A situação concreta foi a seguinte:
No Maranhão, foi editada a Lei estadual nº 11.011/2019,
que acrescentou a alínea “m” ao inciso II do art. 23 da Lei Estadual nº 7.799/2002,
para estabelecer alíquota reduzida de ICMS para as operações com cervejas que
contenham, no mínimo, 15% de fécula de mandioca em sua composição, desde que
comercializadas em embalagem retornável.
A alíquota original de ICMS para a comercialização de
cerveja era de 28,5% e foi reduzida para 12%, no Estado do Maranhão, para incentivar
a instalação de uma fábrica específica de cervejas no Estado (cerveja feita de
mandioca).
ADI
A Associação Brasileira de Bebidas – ABRABE ajuizou ADI contra
essa lei.
Alegou que a redução seria inconstitucional porque representou
a concessão unilateral de incentivo fiscal sem observância dos requisitos estabelecidos
pela Lei Complementar federal nº 24/75 e sem prévia aprovação pelo CONFAZ.
Além disso, alegou que haveria afronta ao art. 150, II,
da CF, ao estabelecer condições tributárias desiguais para contribuintes em
situação equivalente.
Do mesmo modo, haveria afronta ao art. 155, §2º, III, da
CF, por ofensa ao princípio da seletividade, não havendo justificativa quanto à
essencialidade decorrente da matéria-prima.

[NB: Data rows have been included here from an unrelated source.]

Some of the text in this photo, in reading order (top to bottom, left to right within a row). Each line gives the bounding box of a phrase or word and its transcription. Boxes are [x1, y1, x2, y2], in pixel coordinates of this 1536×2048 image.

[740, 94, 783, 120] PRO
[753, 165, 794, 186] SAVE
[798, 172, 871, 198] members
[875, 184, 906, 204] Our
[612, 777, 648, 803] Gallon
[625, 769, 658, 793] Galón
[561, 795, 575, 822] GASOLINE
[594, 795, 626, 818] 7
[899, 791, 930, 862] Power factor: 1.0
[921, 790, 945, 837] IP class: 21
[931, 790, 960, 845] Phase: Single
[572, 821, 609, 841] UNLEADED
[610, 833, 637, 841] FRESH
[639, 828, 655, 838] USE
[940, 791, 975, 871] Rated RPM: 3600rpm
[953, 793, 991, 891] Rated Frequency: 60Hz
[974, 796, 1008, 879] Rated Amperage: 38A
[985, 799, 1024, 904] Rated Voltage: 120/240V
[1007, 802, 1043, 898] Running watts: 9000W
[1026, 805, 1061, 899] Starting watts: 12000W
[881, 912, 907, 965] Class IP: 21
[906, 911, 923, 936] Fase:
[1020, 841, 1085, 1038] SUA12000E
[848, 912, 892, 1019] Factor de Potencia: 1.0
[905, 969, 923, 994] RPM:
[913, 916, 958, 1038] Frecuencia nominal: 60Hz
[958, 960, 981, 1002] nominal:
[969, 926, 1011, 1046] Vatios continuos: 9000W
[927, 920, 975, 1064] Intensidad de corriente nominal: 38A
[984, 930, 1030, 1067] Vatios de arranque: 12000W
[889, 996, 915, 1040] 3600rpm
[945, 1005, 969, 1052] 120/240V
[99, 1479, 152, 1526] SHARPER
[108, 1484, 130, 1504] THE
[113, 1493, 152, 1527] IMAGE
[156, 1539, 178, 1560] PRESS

O STF concordou com o pedido formulado? Essa lei é inconstitucional?
SIM.
Violação ao art. 113 do ADCT
Os arts. 1º e 2º da Lei Estadual maranhense nº
11.011/2019 reduziram a alíquota de ICMS (12%) para as operações com cervejas
que contenham, no mínimo, 15% (quinze por cento) de fécula de mandioca em sua
composição.
A lei, porém, não foi instruída com a devida estimativa
do seu impacto financeiro e orçamentário.
Logo, a lei
impugnada é formalmente inconstitucional porque promoveu a redução da alíquota
de ICMS sem que a proposição fosse instruída com a devida estimativa do seu
impacto orçamentário e financeiro, conforme exigido pelo art. 113 do ADCT:
Art. 113. A proposição legislativa que crie ou altere despesa
obrigatória ou renúncia de receita deverá ser acompanhada da estimativa do seu
impacto orçamentário e financeiro. (Incluído pela Emenda Constitucional nº 95,
de 2016)
A concessão do incentivo fiscal não teve prévia
autorização por meio de convênio
O
Estado-membro só pode conceder benefícios de ICMS se isso tiver sido
previamente autorizado por meio de convênio celebrado com os demais
Estados-membros e DF, nos termos do art. 155, § 2º, XII, “g”, da CF/88 e o art.
1º da LC 24/75:
Art. 155 (...)
§ 2º O imposto previsto no inciso II (ICMS) atenderá ao seguinte:
(...)
XII - cabe à lei complementar:
(...)
g) regular a forma como, mediante deliberação dos Estados e do Distrito
Federal, isenções, incentivos e benefícios fiscais serão concedidos e revogados.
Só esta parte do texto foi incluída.